小久保2軍監督から「宮崎、来いよ」 仲間の手で3度…奥村政稔の胴上げに隠されたドラマ

ソフトバンク・奥村政稔(左)と小久保裕紀2軍監督【写真:竹村岳】
ソフトバンク・奥村政稔(左)と小久保裕紀2軍監督【写真:竹村岳】

5日に戦力外通告を受けた奥村は6日のチーム出発を見送りに博多駅へ

 仲間たちの手で3度、宙を舞った。7日に行われた巨人とのファーム日本選手権(ひなたサンマリンスタジアム宮崎)に6-5で逆転勝ちし、4年ぶりのファーム日本一となったソフトバンクの2軍。劣勢をひっくり返す一戦で三塁側のカメラマン席から仲間たちを頼もしそう見つめていたのが奥村政稔投手だった。5日に戦力外通告を受けた右腕は優勝を決めた後、小久保裕紀2軍監督に続き、選手たちの手で胴上げされた。

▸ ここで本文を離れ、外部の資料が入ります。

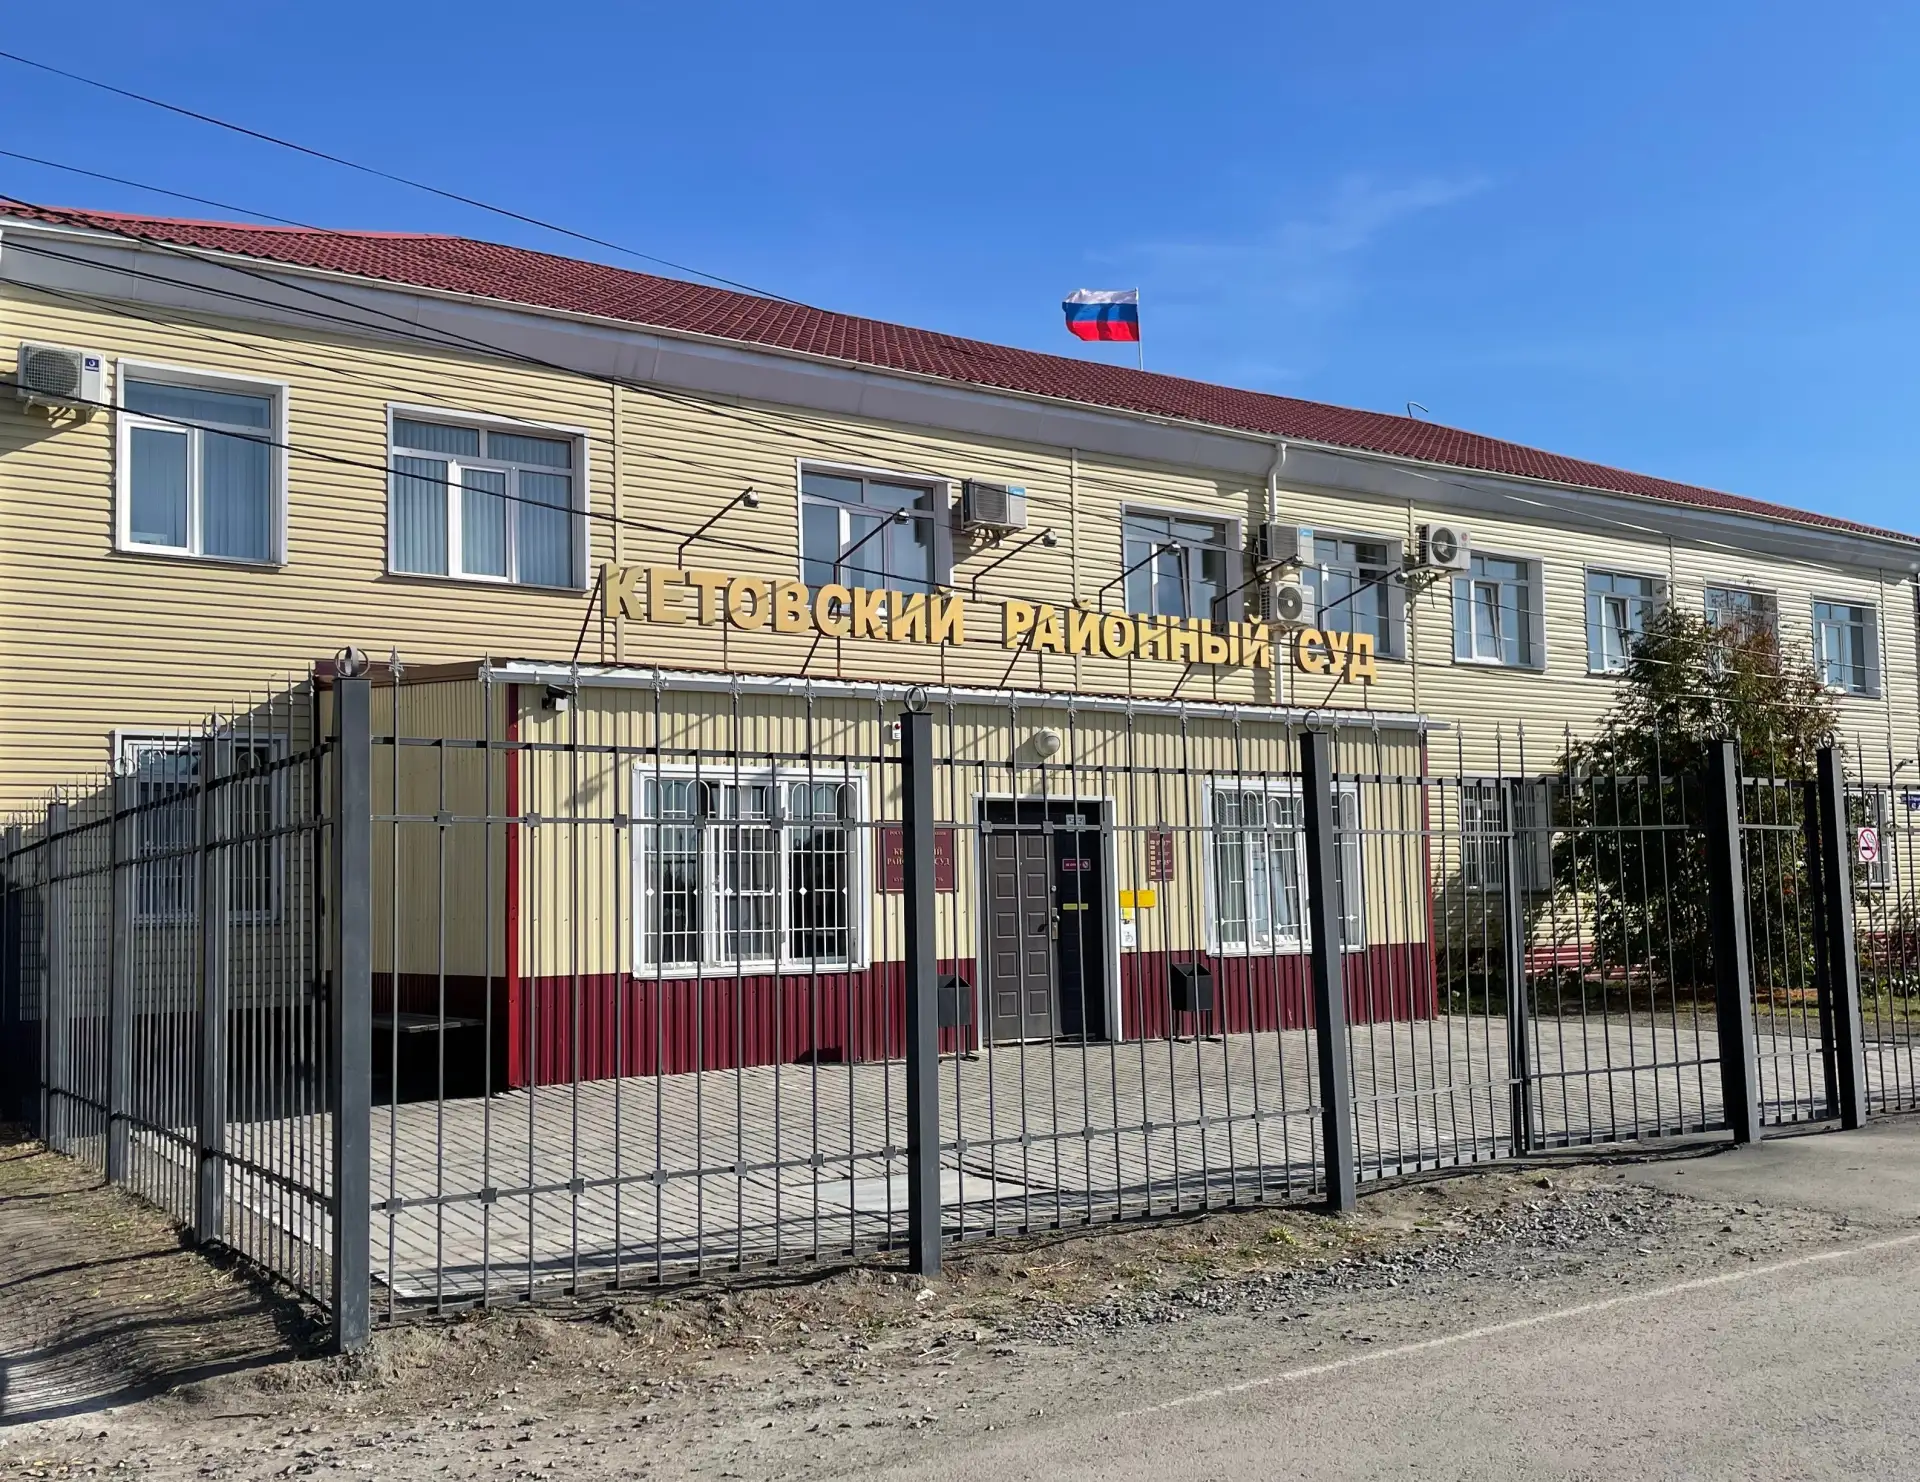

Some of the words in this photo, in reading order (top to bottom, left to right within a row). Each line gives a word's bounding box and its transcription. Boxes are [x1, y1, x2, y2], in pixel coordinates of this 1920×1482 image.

「感動しました。ずっと感動していました。本当にいい思い出になりました。周りがああやって言ってくれて、どちらかといえばイジられキャラなんですけど、最後、それが良かったかなと思います」

 劇的な展開だった。一時は4点差をつけられる劣勢だった。6回に川村友斗外野手の適時三塁打などで2点差に詰め寄ると、8回にリチャード内野手の特大ソロで1点差に。さらに無死満塁とし、笹川吉康外野手の二ゴロで追いつき、渡邉陸捕手の犠飛で勝ち越した。9回は奥村のユニホームをスーツケースに忍ばせて持ってきた尾形崇斗投手が締めて、歓喜の瞬間を迎えた。

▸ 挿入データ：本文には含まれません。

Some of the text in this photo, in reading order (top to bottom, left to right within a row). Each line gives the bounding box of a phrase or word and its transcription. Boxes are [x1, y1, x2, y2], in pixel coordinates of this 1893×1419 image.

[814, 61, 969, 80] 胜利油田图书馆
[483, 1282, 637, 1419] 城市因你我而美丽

 5日に戦力外通告を受けた奥村の姿は翌6日早朝、博多駅にあった。この一戦のために宮崎に出発するチームへの挨拶と見送りのためだった。「スタッフの人たちはこのまま宮崎に残るからなかなか会えないなと思って、挨拶行ったんです。宮崎には行かないつもりだったので。森さんとかが花束くれて、最後やなって思っていたんです」。そんな奥村に声をかけたのが小久保裕紀2軍監督だった。

「明日、宮崎来いよ」

 ファーム選手権を戦う宮崎に指揮官自ら誘ってくれたのだった。試合後には小久保2軍監督が企画したバーベキューパーティーも予定されていた。「いつも変わらない元気の良さで、野球への取り組みもいつも一緒なんで。戦力外通告は受けましたけど、もともと(宮崎に)来る予定だったので、気にしていたんで『おいで』って」と指揮官は説明した。

「小久保さんの計らいで飛行機で宮崎に来られて、明日も福岡に帰るピッチャーと帰らせてもらえて。本当にありがたいですね。昨日の出発前に泣いてしまったんで、今日は泣くのは我慢しましたけど、ずっと感動していました」

 小久保2軍監督に続く胴上げは選手たちから自然と声があがり、3度、宮崎の空に舞った。常に真摯に野球に取り組み、若い選手たちに背中で姿勢を示してきた奥村政稔。今後のことはまだ未定だというか、ホークスでのキャリアの最後に、小久保2軍監督と野球の神様が用意してくれた“ご褒美”の瞬間だったのかもしれない。